The gap between accusation and guilt is not a bug in our criminal justice: it’s a necessary and desirable feature.

There are serious questions for the Crown Prosecution Service, some said instantly on hearing Rebekah Brooks found not guilty of conspiring to intercept communications and pervert the course of justice. My heart sank.

It’s not that prosecutors shouldn’t be questioned, or that this is a trivial affair. Charging someone with an offence is always serious, and the CPS must be scrutinised. I’m not against questions, some of which may be serious. What’s not serious is to respond reflexively to any high-profile case, like Brooks’s or that of Nigel Evans earlier this year, as though the mere fact of acquittal shows it was wrong to prosecute in the first place. To think like this is fundamentally to misunderstand criminal justice, and ironically to undermine its most important principle.

I say ironically, because those whose instinct is to attack the CPS often think they’re standing up for the presumption of innocence. People are innocent and entitled to be treated as such, their thinking goes, until proven guilty. So we should be slow to prosecute, ensuring innocent people do not suffer the hell of accusation and being “put on trial”. A unanimous not guilty verdict, the reasoning continues, shows that the CPS has taken a case forward too readily. Prosecutors should be really sure that those they charge will be proven guilty.
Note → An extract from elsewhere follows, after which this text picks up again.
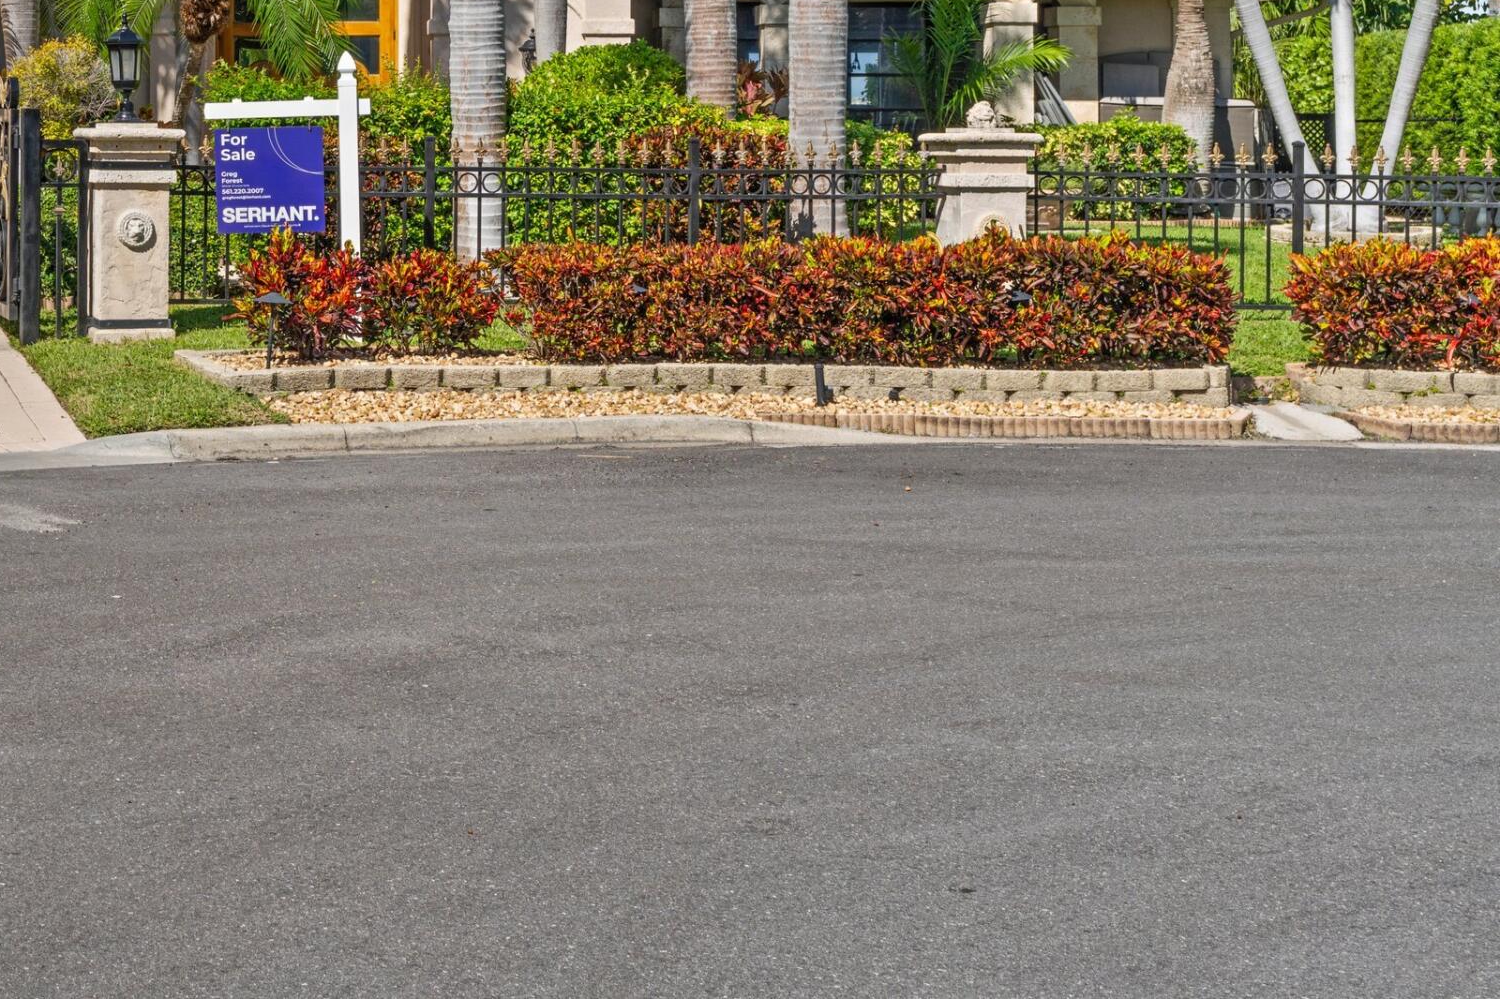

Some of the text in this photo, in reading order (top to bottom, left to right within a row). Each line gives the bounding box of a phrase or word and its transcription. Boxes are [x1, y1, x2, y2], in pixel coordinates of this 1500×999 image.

[220, 134, 248, 146] For
[220, 148, 256, 161] Sale
[222, 206, 320, 224] SERHANT.
But a pretty high bar is already in place. Before prosecuting a case like this, applying the Code for Crown Prosecutors, the CPS must think on the evidence it has that there’s a reasonable prospect of conviction; in other words, that a reasonable jury will probably convict. What it must decide is not whether it thinks the suspect is guilty, or probably guilty – but whether twelve reasonable people will probably feel sure she is, beyond reasonable doubt. 

The distinction is crucial. In common sense terms, the CPS test isn’t as “high” as that applied by a jury. More importantly, what the CPS and juries do is different in nature. Prosecutors don’t determine guilt, and couldn’t do so fairly even if they tried. A fair verdict can, by definition, only be given after prosecution witnesses are cross-examined by others, and their evidence tested at what we call a trial. A true verdict cannot be prejudged.

But in a sense that’s what you’re arguing for if you say the tests for charge and conviction should be more closely aligned – that the CPS must be sure a jury will be sure, for instance. The implication is that we can know in advance of a trial who’s guilty, or nearly so; and that we ought to make this judgment early so the public can rest easy, confident that conviction will follow charge as night follows day. That, though, is the opposite of presuming people innocent. I did once hear it argued that a 100 per cent conviction rate is proof of a truly fair justice system. “Your British Crown persecutes the innocent,” the man said, “while our public prosecutors do their jobs admirably. The courts consistently prove them right, you see?” I think it was in 1984; he spoke for the then People’s Socialist Republic of Albania. That’s where you end, if accusation equals guilt.

To use a technological cliché, the gap between accusation and guilt is not a bug in our criminal justice: it’s a necessary and desirable feature. Once you accept that evidence can be shaken, and that even credible allegations may not ultimately be believed, it’s obvious some cases will result in acquittal so long as the accused are defended robustly and juries make independent decisions after fair hearings. The urge to narrow the gap between charge and verdict is not just wrong, but dangerous.

I can’t be certain it was right to charge Rebekah Brooks. Only those who know what was on the CPS file at the time, or at least followed all the prosecution evidence closely, can offer a serious opinion. But just as it is possible they made a mistake here, it’s equally possible that the CPS wrongly charges people who end up convicted: that, in truth, is the real risk the system is designed to prevent, and which we should worry about more. No verdict, in itself, tells you whether the CPS has acted properly. You can’t see conviction as vindicating a decision to charge, any more than acquittal proves it was wrong. Yet that, surely, is implicit in responding to the mere fact of an acquittal with concern, unsettled by the absence of a reassuring conviction.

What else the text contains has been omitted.